親が胸ビレで新鮮な海水を送り込む度に、孵化を待つタマゴがさわさわ〜っと揺れてキラキラ光ります。
「お〜い、はやく出ておいで〜」みたいな。
曇りの日でしたが、洞窟の中の財宝を見つけたように輝いていましたよ。

 

こっちは石垣島の浅瀬です。
なんてことない体色のスズメダイたちです。
何が良いわけでなく、何かが良い。海の中ってその連続です。
こういう瞬間はもれなく綺麗に捕まえて持って帰りたいものです。

 

どちらの写真もストロボやライトなどの人工的な光源は一切使っていません。
実はここ一年ほど、「ソースライティング」という考えに基づいて撮影をしています。
細かな技術的な説明はこの場では割愛しますが、要はそこにある光を主光源とし、そこにないはずの光は使わない、使っても主光源を殺さないよう補助的に、寄り添うように使う撮影方法です。

 

撮影は、影を撮ると書きます。
「なんか違う」、「嘘っぽい」のさじ加減は影です。
影をいかす唯一の光源は太陽です。
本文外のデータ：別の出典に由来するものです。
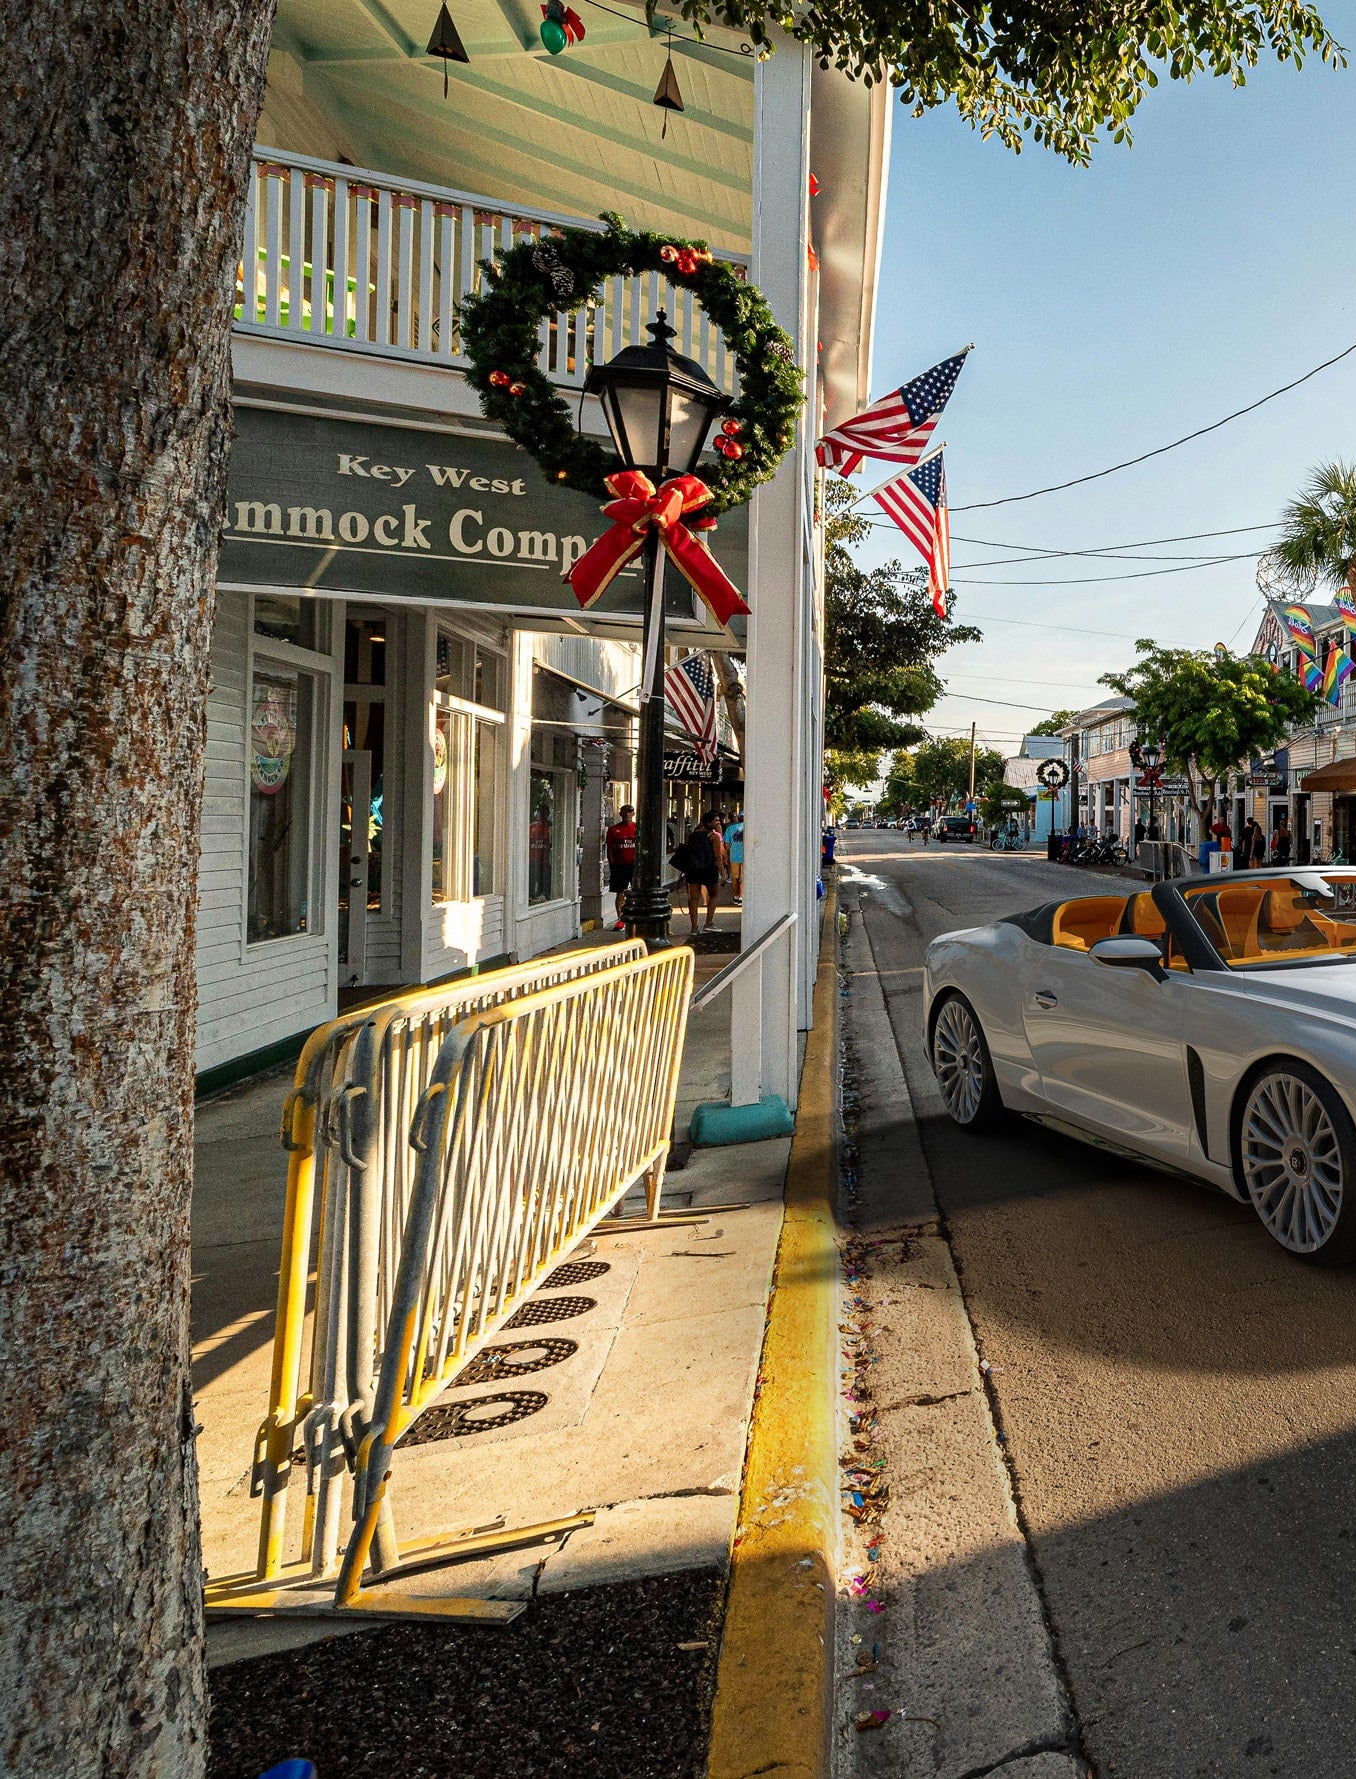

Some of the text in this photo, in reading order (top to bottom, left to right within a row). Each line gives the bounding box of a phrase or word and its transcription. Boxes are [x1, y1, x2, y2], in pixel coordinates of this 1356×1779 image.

[336, 453, 527, 496] Key West
[226, 501, 644, 576] mmock Comp
自然光をもっと大切に。
影を消さずに撮ってみる。

 

光と影の色と形、自然の中ではもう出来上がっています。
目で見て綺麗と思ったから写真にするんですもんね。
感動をそのまま形に残そうと思うなら、「ソースライティング」の考え方はきっと武器になります。
なるべく見たままの景色を。
心は何に動いたのか。

 

クマノミのタマゴは微かな自然光の中でキラキラしてるから良いと思ったわけですし、
スズメダイは揺らめく陽の光の動きの中にいるのが良かったわけです。

 

ここでストロボに頼っていたら、そこにあった光も影も全部吹っ飛んでしまいますもんね。
ある写真家は、ストロボを
「失礼ですよ、コンサートにピストルを持っていくようなもの」
と表現しました。

 

もちろん、ストロボやライトが無ければ出来ないこともあります。
自分自身、必要な時は迷いなくストロボを使います。
片方は沖縄で蓋開けたまま潜ったんで、ひくほど水没しましたが、問題なく現役のど根性ストロボです。
内側がふ菓子みたいな色になったかわいいやつです。

 

少なくともストロボありきのアプローチは止めたってこと。
どっちが良いじゃなくて、どっちが好きか。
そうやってああだこうだ自然を美しいと思う心の動きに歩み寄ってくのが面白いんでしょうね。

皆さんはいかがですか?
きっと久々に潜る海で撮った写真はどれも弾けますよ〜
イメトレしよう。ワクワクするね!

 

明日は木村さん。
先週は予想を惜しくも外してしまいました。
当てにいきます。

「好きなBCDを背負うときのかけ声 〜国内vs海外〜」

です。
熱く語ってもらいましょう!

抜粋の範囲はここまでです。